■ RECORDS PROVIDED:
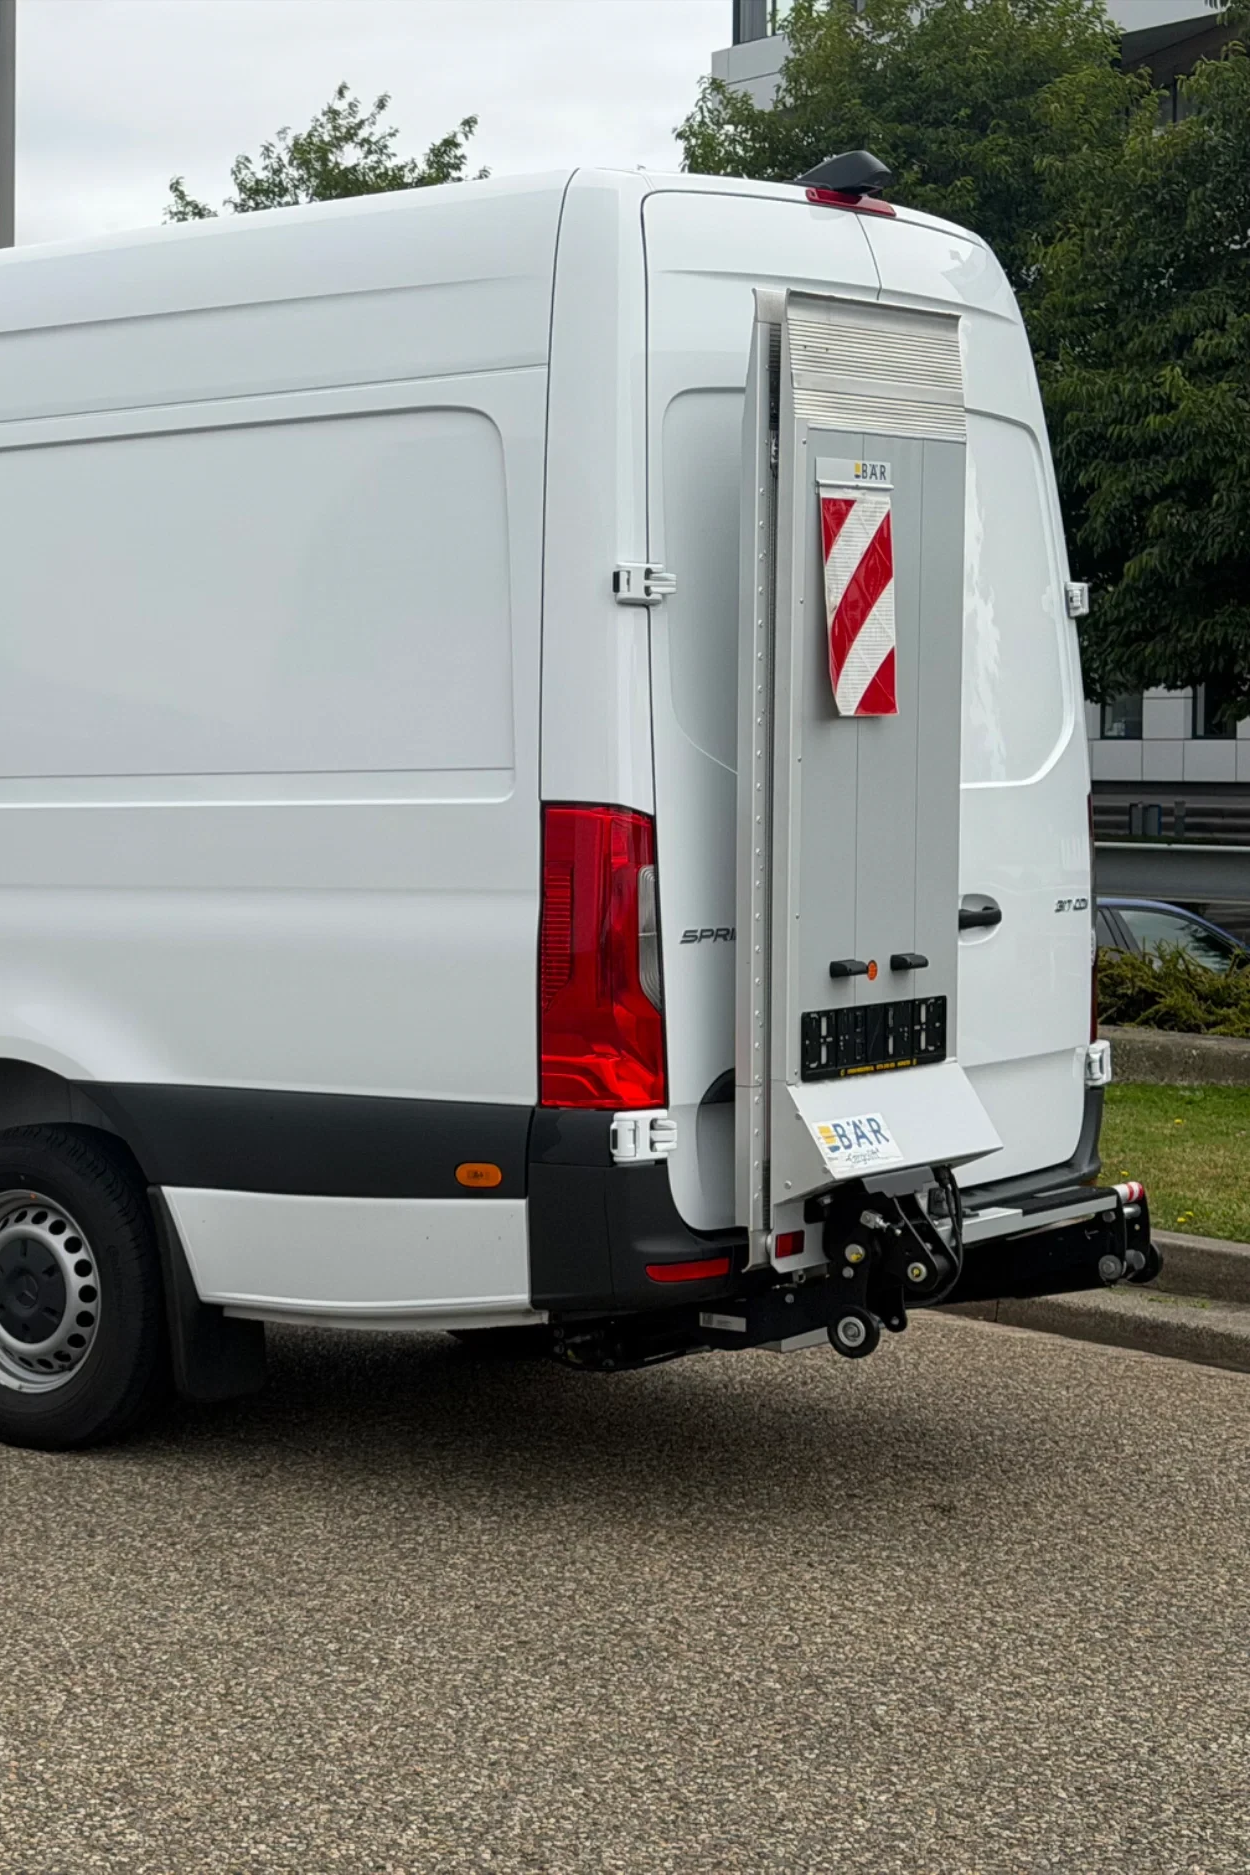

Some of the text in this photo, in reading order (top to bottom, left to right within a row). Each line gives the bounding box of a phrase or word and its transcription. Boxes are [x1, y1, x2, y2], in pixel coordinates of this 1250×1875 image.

[862, 463, 886, 480] BÄR
[679, 927, 736, 944] SPRI
[831, 1117, 890, 1150] BÄR
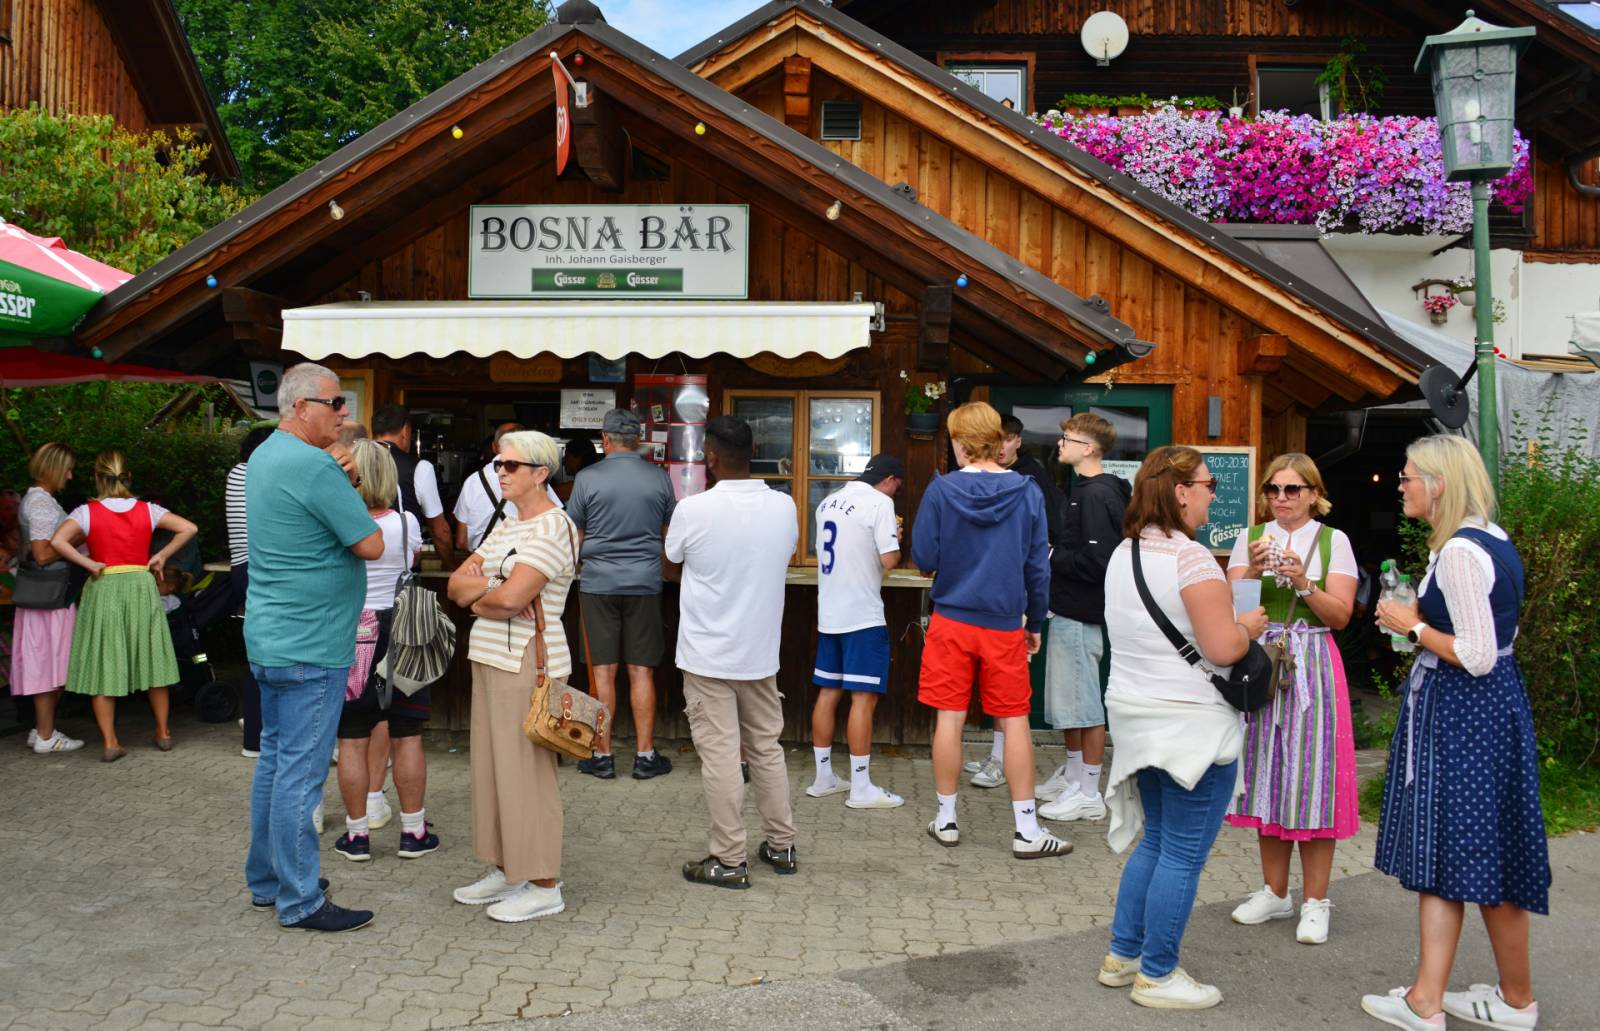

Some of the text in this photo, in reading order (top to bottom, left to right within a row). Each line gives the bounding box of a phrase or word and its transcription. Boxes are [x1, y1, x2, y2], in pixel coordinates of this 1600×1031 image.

[480, 206, 736, 252] BOSNA BÄR
[545, 254, 668, 266] Inh. Johann Gaisberger
[554, 272, 659, 287] Gösser Gösser
[0, 291, 36, 319] sser
[820, 499, 856, 516] BALE
[1210, 528, 1241, 547] Gösse
[822, 520, 838, 576] 3

■ ABOUT THIS TASK: Set down the records precisely as they appear. Any picture stays out.

■ SOLUTION TO THIS PROBLEM:
Some of the text in this photo, in reading order (top to bottom, left to right within a row). Each line gives the bounding box of a phrase or word and its transcription. Boxes are [x1, y1, x2, y2], in pixel coordinates of this 1250×1875 image.

[862, 463, 886, 480] BÄR
[679, 927, 736, 944] SPRI
[831, 1117, 890, 1150] BÄR

Some of the text in this photo, in reading order (top to bottom, left to right within a row). Each line gives the bounding box of a phrase or word and its transcription. Boxes are [x1, y1, x2, y2], in pixel coordinates of this 1600×1031 image.

[480, 206, 736, 252] BOSNA BÄR
[545, 254, 668, 266] Inh. Johann Gaisberger
[554, 272, 659, 287] Gösser Gösser
[0, 291, 36, 319] sser
[820, 499, 856, 516] BALE
[1210, 528, 1241, 547] Gösse
[822, 520, 838, 576] 3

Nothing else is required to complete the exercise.